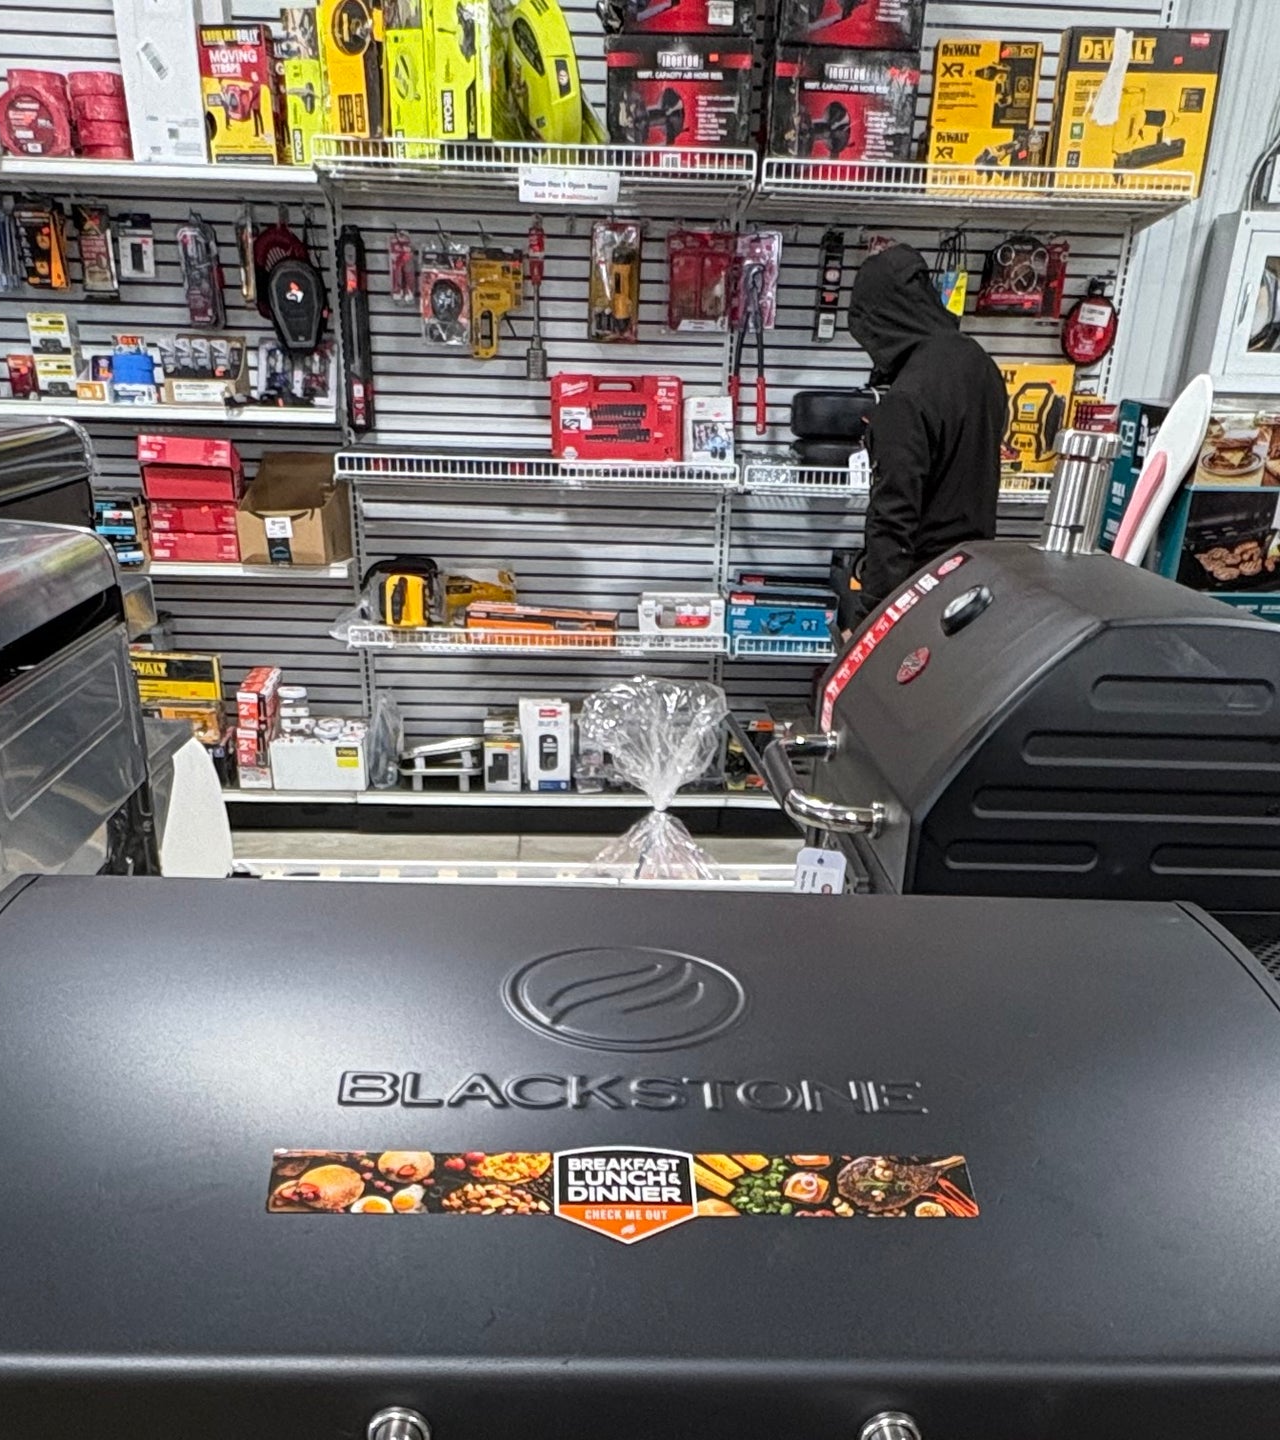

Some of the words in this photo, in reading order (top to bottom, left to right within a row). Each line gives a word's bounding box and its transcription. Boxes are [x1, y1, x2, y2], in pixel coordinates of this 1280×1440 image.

[209, 50, 258, 63] MOVING
[941, 44, 981, 57] DEWALT
[940, 63, 964, 78] XR
[936, 132, 969, 144] DEWALT
[935, 148, 953, 159] XR
[129, 662, 168, 677] WALT
[335, 1070, 929, 1113] BLACKSTONE
[568, 1157, 680, 1171] BREAKFAST
[568, 1171, 667, 1186] LUNCH
[568, 1186, 682, 1202] DINNER
[584, 1209, 622, 1221] CHECK
[625, 1209, 643, 1221] ME
[645, 1209, 668, 1221] OUT
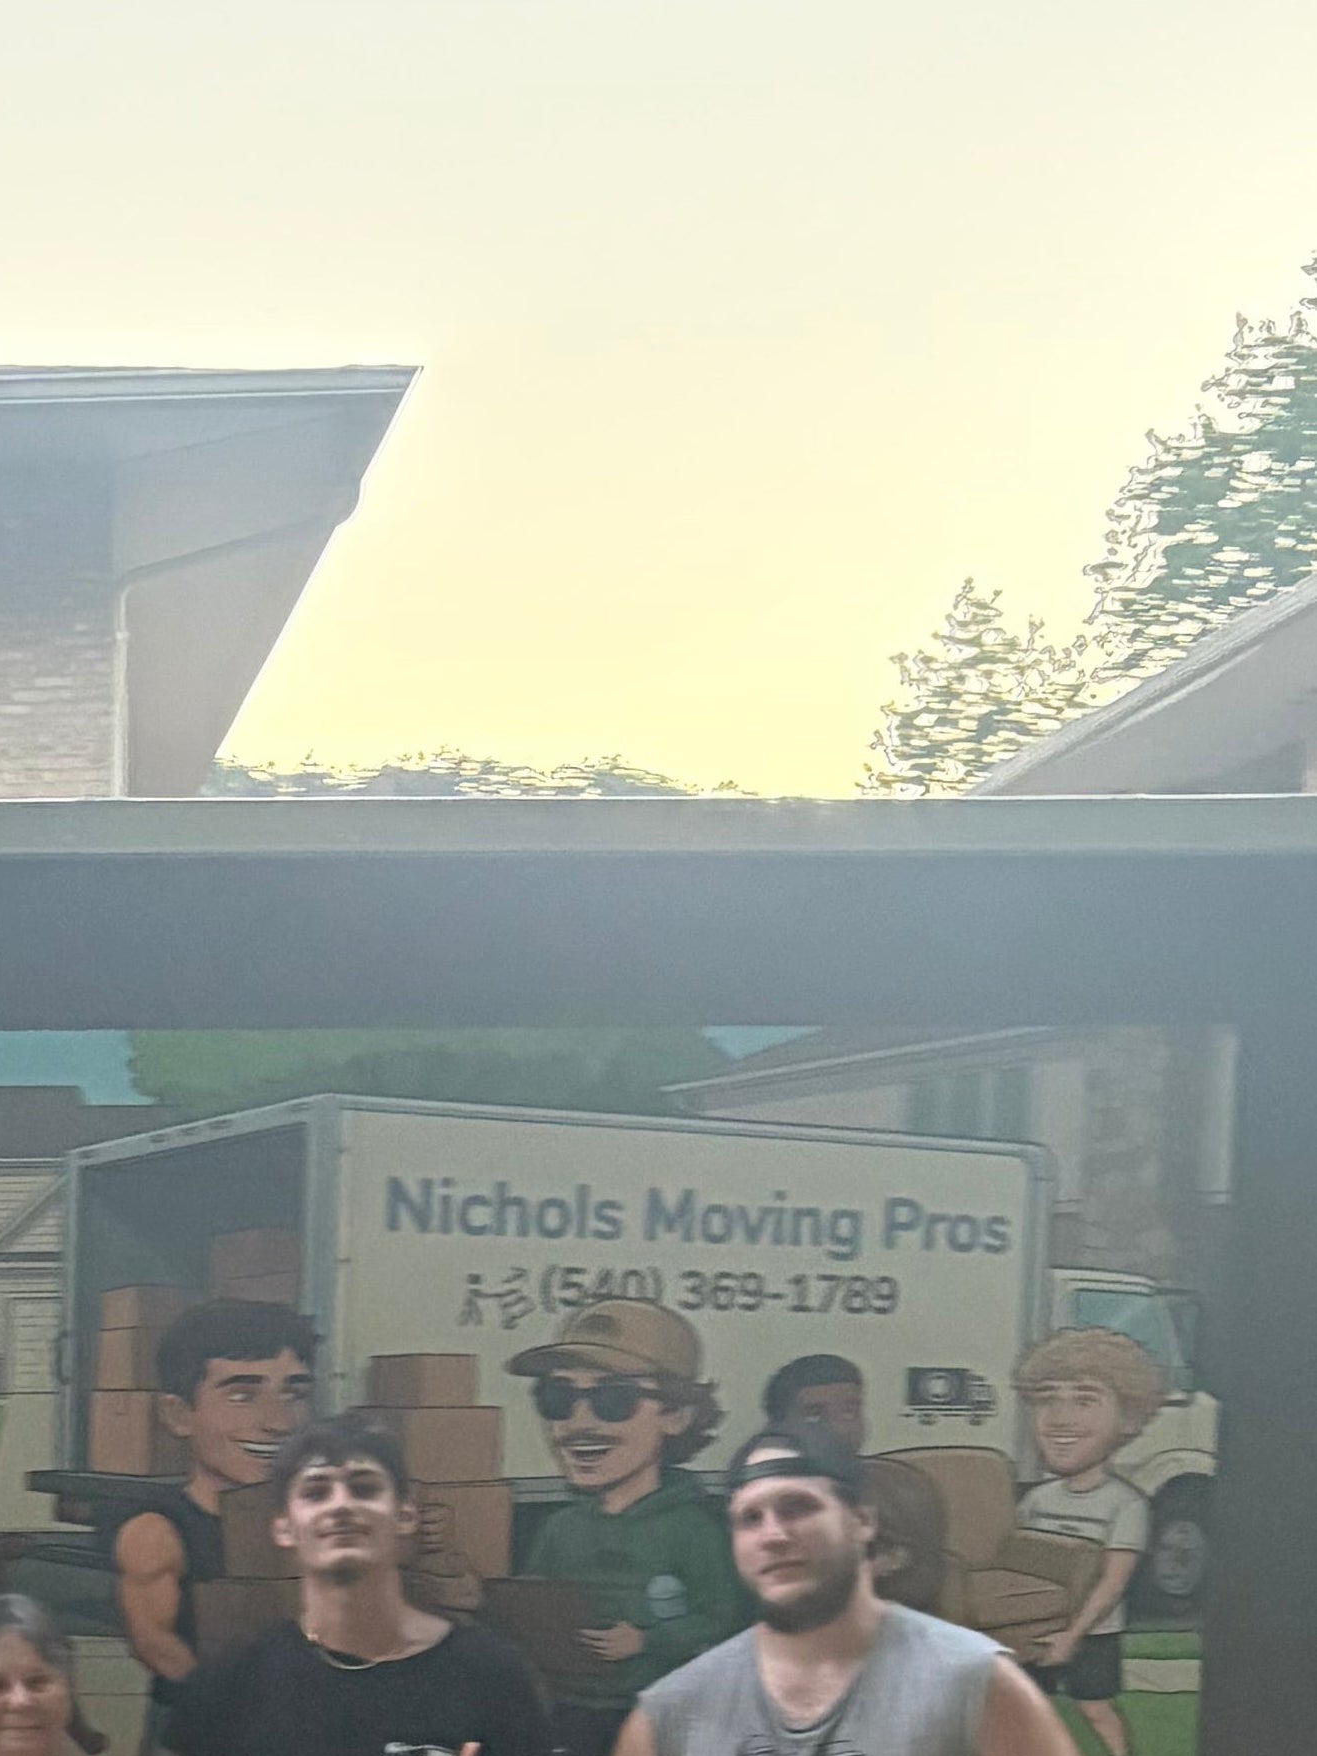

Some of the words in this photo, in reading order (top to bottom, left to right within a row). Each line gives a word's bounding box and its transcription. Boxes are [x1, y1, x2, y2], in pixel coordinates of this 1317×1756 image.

[385, 1176, 624, 1240] Nichols
[644, 1186, 862, 1262] Moving
[883, 1196, 1011, 1254] Pros
[678, 1269, 901, 1315] 369-1789

________________________________________

Your task is to reproduce, exactly and exclusively, the lines from the one holding "this 1317×1756 image." through the final line of the listing.

§ **SOLVED EXERCISE**
Some of the words in this photo, in reading order (top to bottom, left to right within a row). Each line gives a word's bounding box and its transcription. Boxes are [x1, y1, x2, y2], in pixel coordinates of this 1317×1756 image.

[385, 1176, 624, 1240] Nichols
[644, 1186, 862, 1262] Moving
[883, 1196, 1011, 1254] Pros
[678, 1269, 901, 1315] 369-1789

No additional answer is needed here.